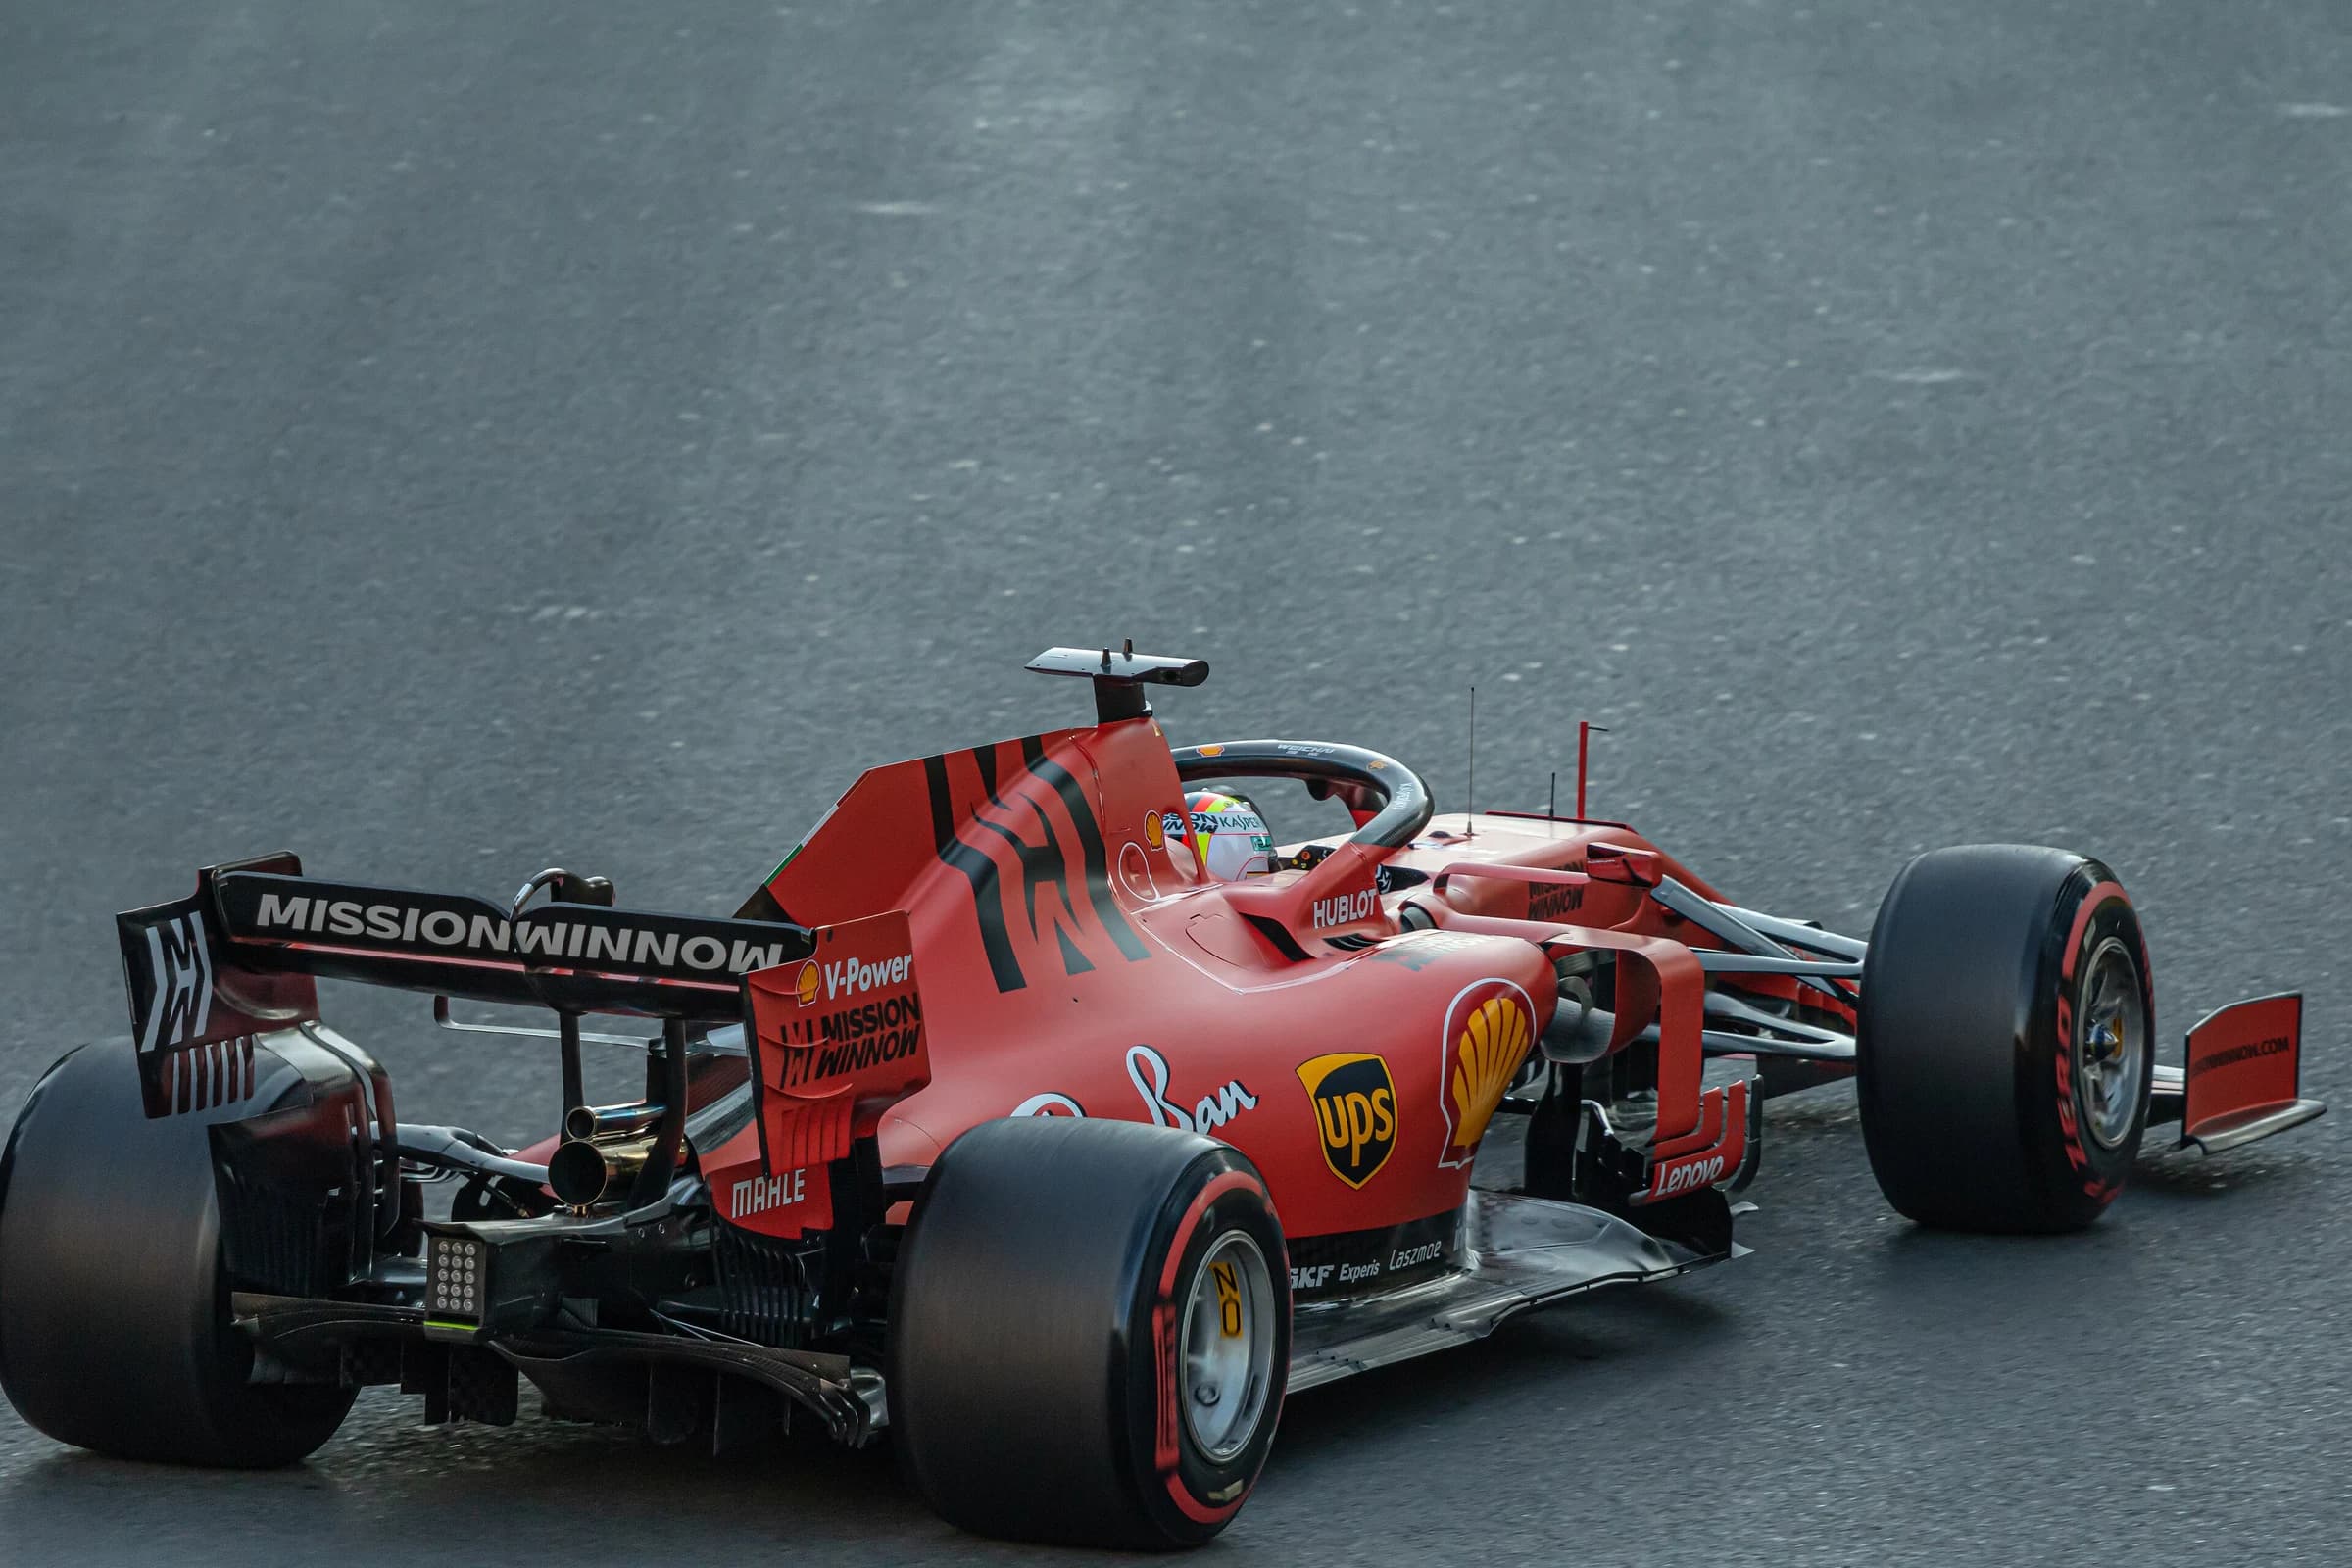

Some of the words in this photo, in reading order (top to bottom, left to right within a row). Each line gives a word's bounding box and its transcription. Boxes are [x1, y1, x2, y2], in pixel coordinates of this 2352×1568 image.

[1218, 815, 1260, 830] KASPE
[1313, 888, 1377, 929] HUBLOT
[257, 893, 511, 951] MISSION
[515, 921, 784, 972] WINNOW
[824, 954, 912, 1000] V-Power
[820, 992, 921, 1046] MISSION
[814, 1023, 921, 1079] WINNOW
[731, 1168, 806, 1218] MAHLE
[1655, 1155, 1724, 1196] Lenovo
[1339, 1259, 1380, 1283] Experis
------------------------------
■ What to produce: Write out each line of the data exactly; the images should be left out.

■ Reply to the exercise:
Some of the words in this photo, in reading order (top to bottom, left to right within a row). Each line gives a word's bounding box and its transcription. Boxes are [x1, y1, x2, y2], in pixel coordinates of this 2352×1568 image.

[1218, 815, 1260, 830] KASPE
[1313, 888, 1377, 929] HUBLOT
[257, 893, 511, 951] MISSION
[515, 921, 784, 972] WINNOW
[824, 954, 912, 1000] V-Power
[820, 992, 921, 1046] MISSION
[814, 1023, 921, 1079] WINNOW
[731, 1168, 806, 1218] MAHLE
[1655, 1155, 1724, 1196] Lenovo
[1339, 1259, 1380, 1283] Experis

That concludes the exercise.